Problem to work on
In the copy, keep every line below as it is and leave out the pictures.

Data provided
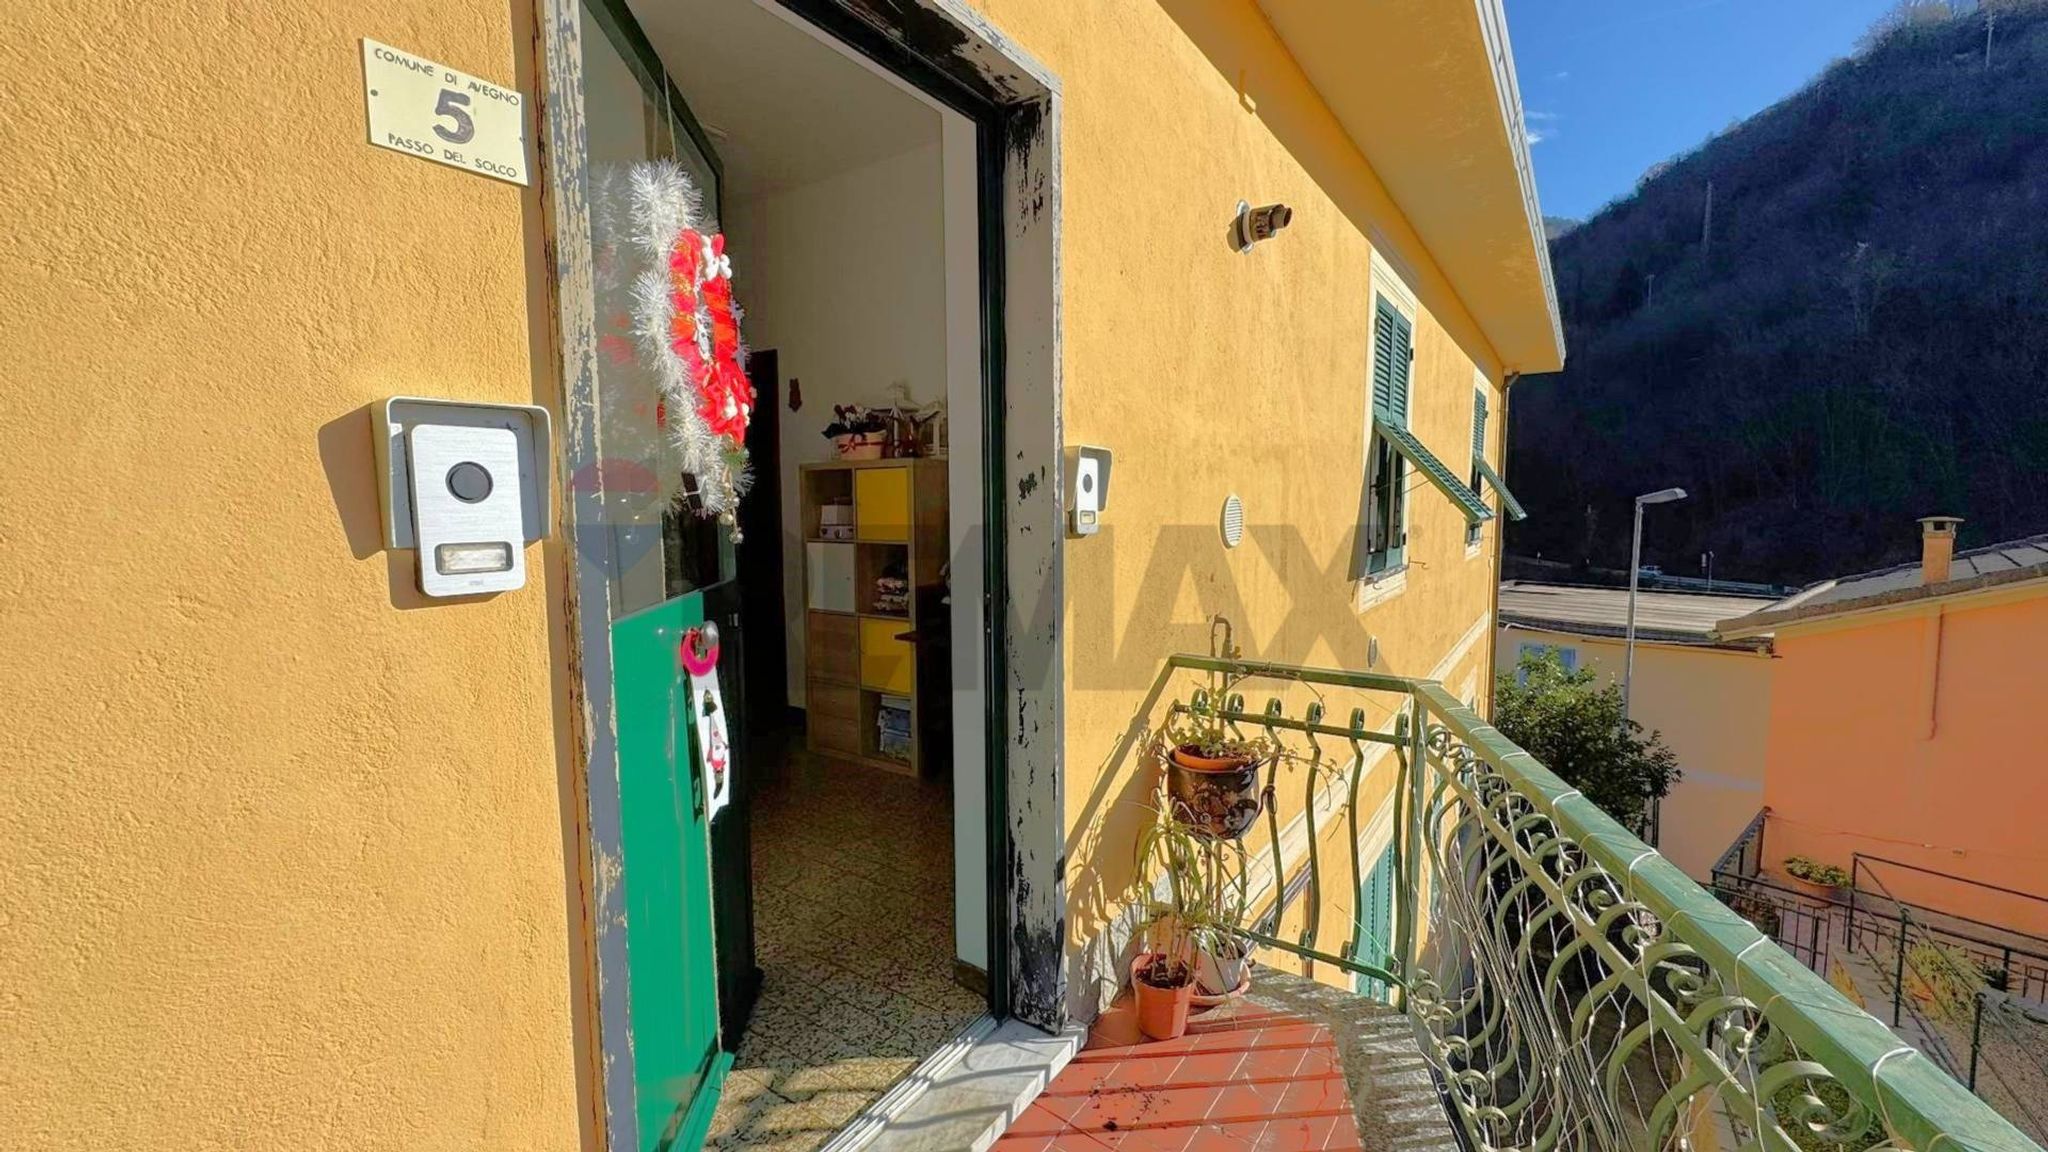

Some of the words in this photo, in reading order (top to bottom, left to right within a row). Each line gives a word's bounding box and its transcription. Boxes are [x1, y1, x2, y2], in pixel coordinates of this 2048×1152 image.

[374, 48, 434, 77] COMUNE
[444, 72, 458, 86] DI
[468, 81, 520, 106] AVEGNO
[432, 88, 475, 144] 5
[388, 132, 434, 155] PASSO
[444, 149, 467, 165] DEL
[475, 158, 517, 178] SOLCO
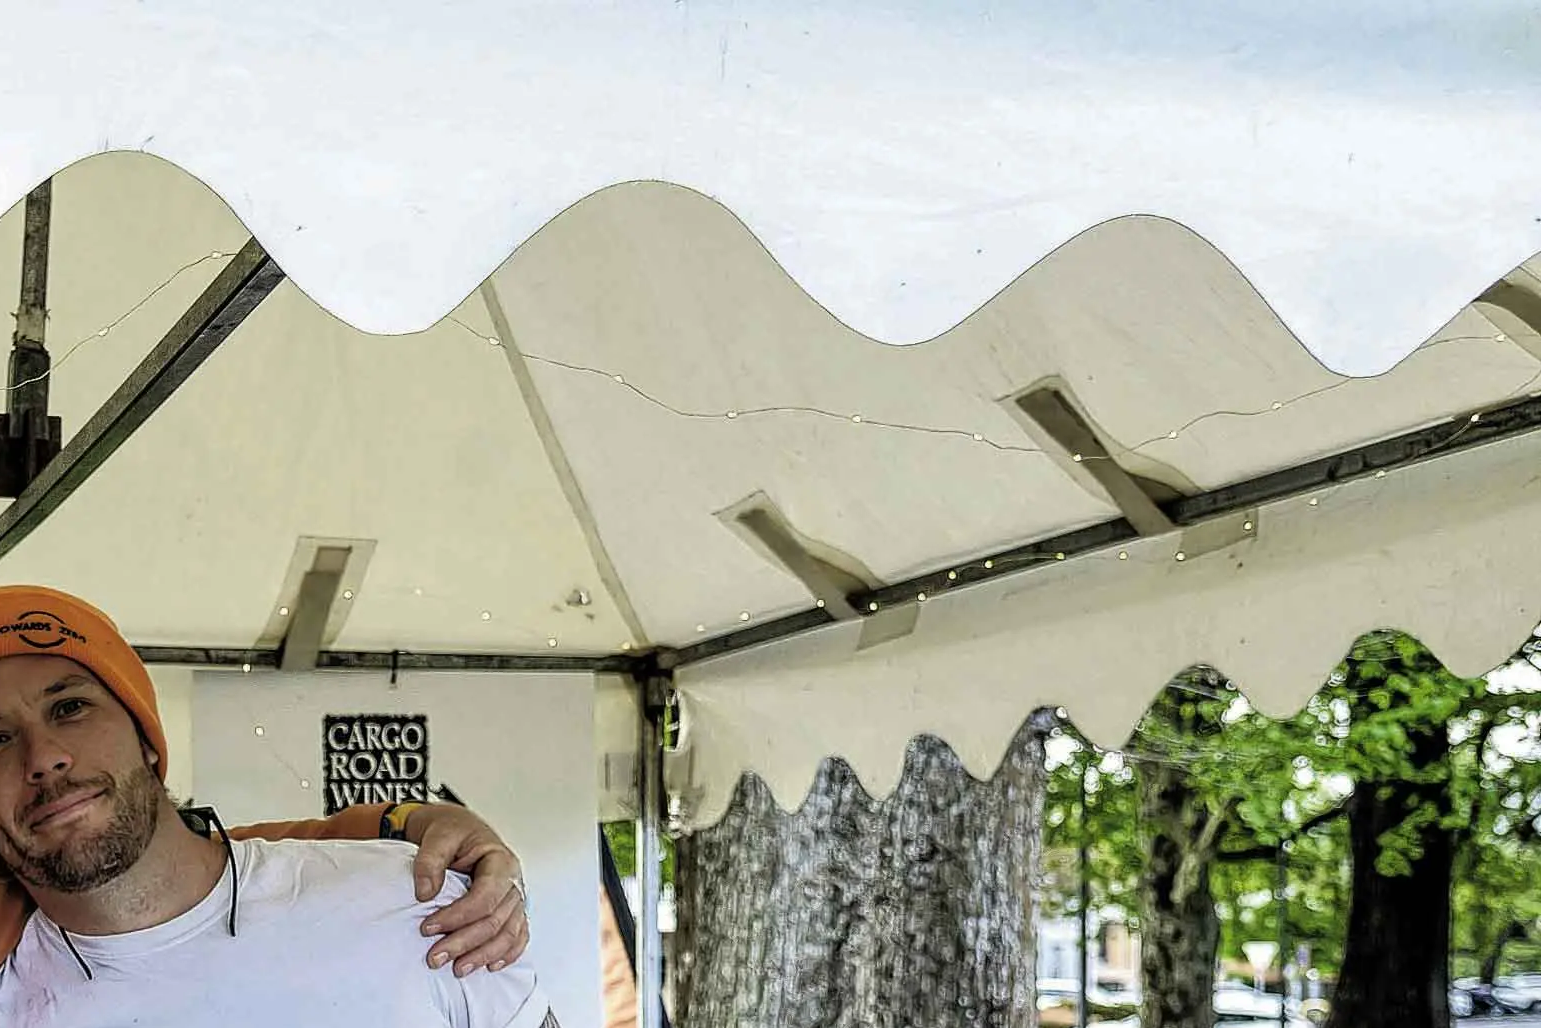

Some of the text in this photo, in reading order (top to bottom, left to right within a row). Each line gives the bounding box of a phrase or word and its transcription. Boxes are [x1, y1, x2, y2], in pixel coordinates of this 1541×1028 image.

[327, 720, 425, 750] CARGO
[330, 750, 425, 780] ROAD
[329, 781, 425, 808] WINES
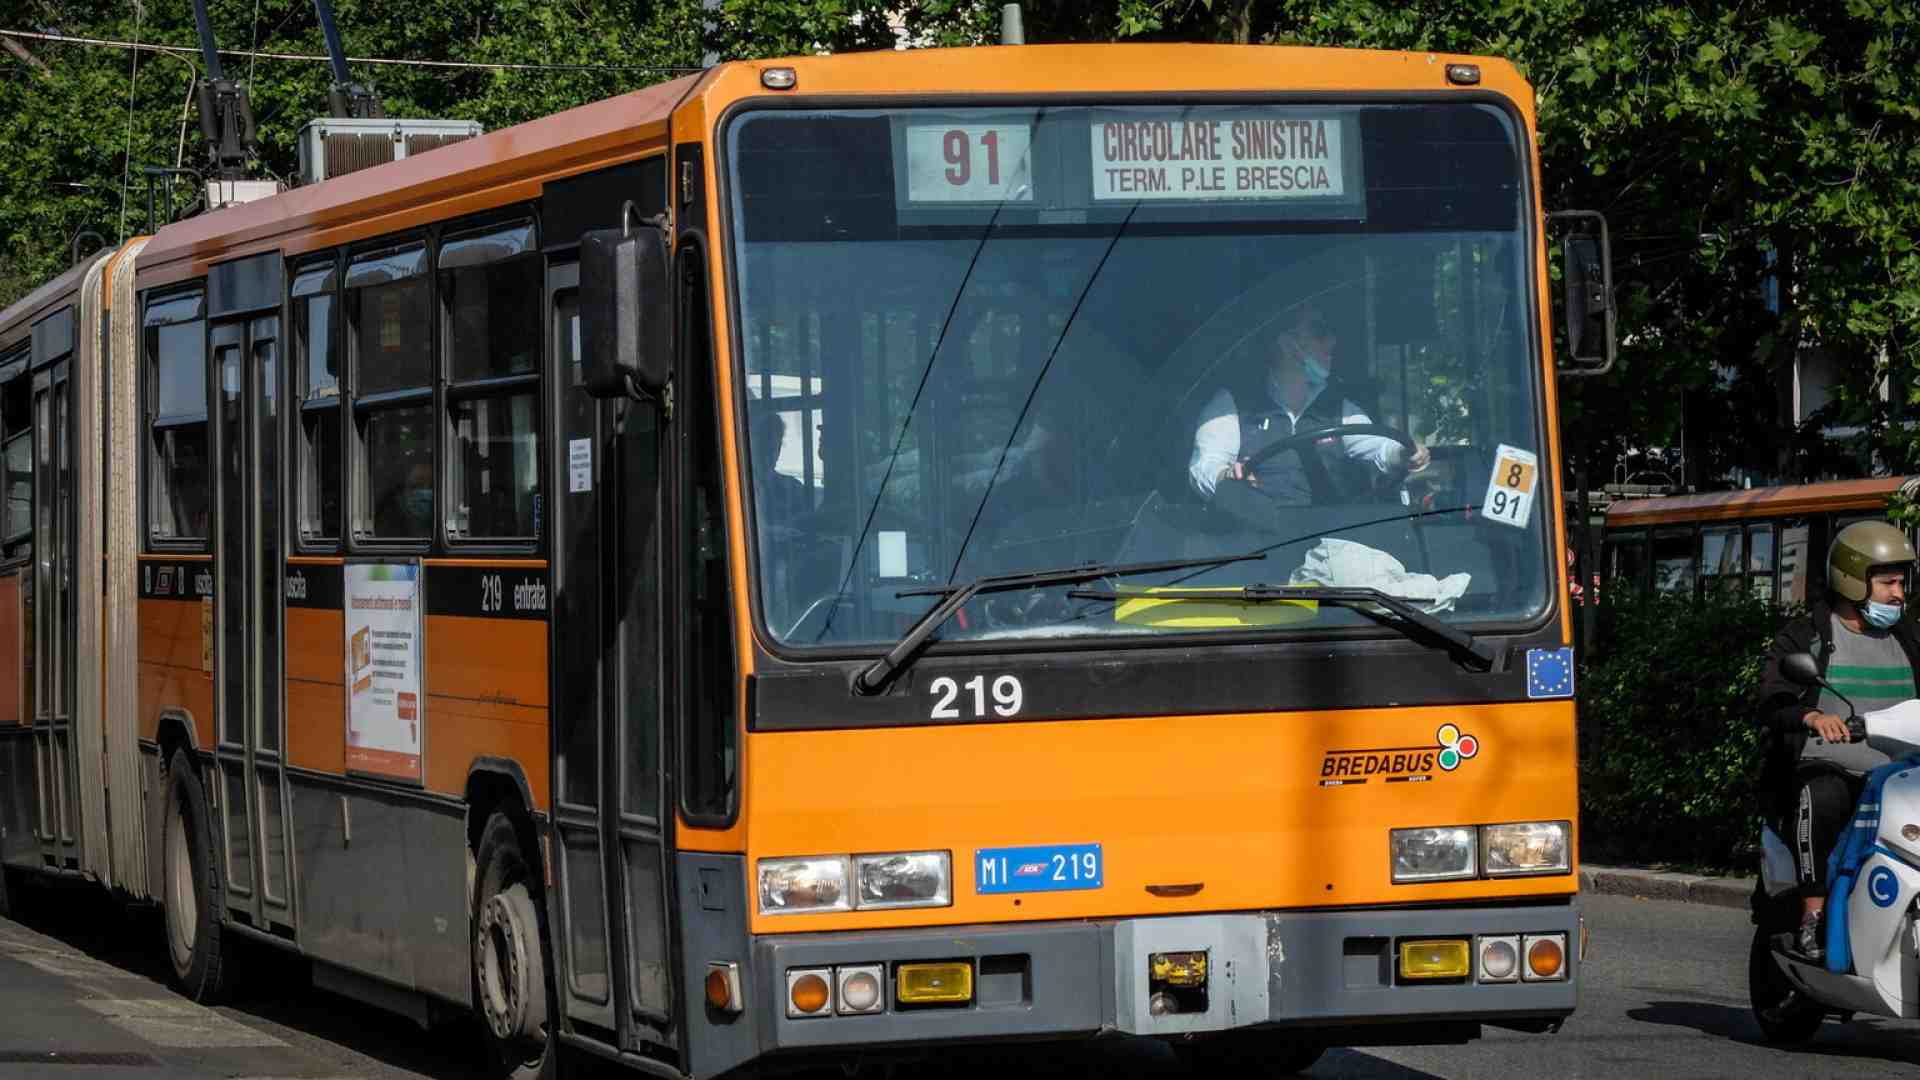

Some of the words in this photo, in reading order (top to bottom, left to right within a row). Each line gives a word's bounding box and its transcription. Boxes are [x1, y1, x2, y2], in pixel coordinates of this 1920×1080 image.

Solution to the exercise
Some of the words in this photo, in reading order (top to bottom, left to right within a row). Each line gives a word's bounding box and its transcription. Boxes are [x1, y1, x2, y2], in pixel coordinates of this 2048×1152 image.

[374, 48, 434, 77] COMUNE
[444, 72, 458, 86] DI
[468, 81, 520, 106] AVEGNO
[432, 88, 475, 144] 5
[388, 132, 434, 155] PASSO
[444, 149, 467, 165] DEL
[475, 158, 517, 178] SOLCO

Some of the text in this photo, in reading order (top to bottom, left to right within a row). Each line gives the bounding box of a phrase or word and its transcription. Boxes are [x1, y1, x2, y2], in pixel coordinates of this 1541×1028 image.

[327, 720, 425, 750] CARGO
[330, 750, 425, 780] ROAD
[329, 781, 425, 808] WINES

Some of the words in this photo, in reading order (top to bottom, left to right within a row). Each line gives a word's bounding box and its transcription. Boxes are [x1, y1, x2, y2], in pixel coordinates of this 1920×1080 image.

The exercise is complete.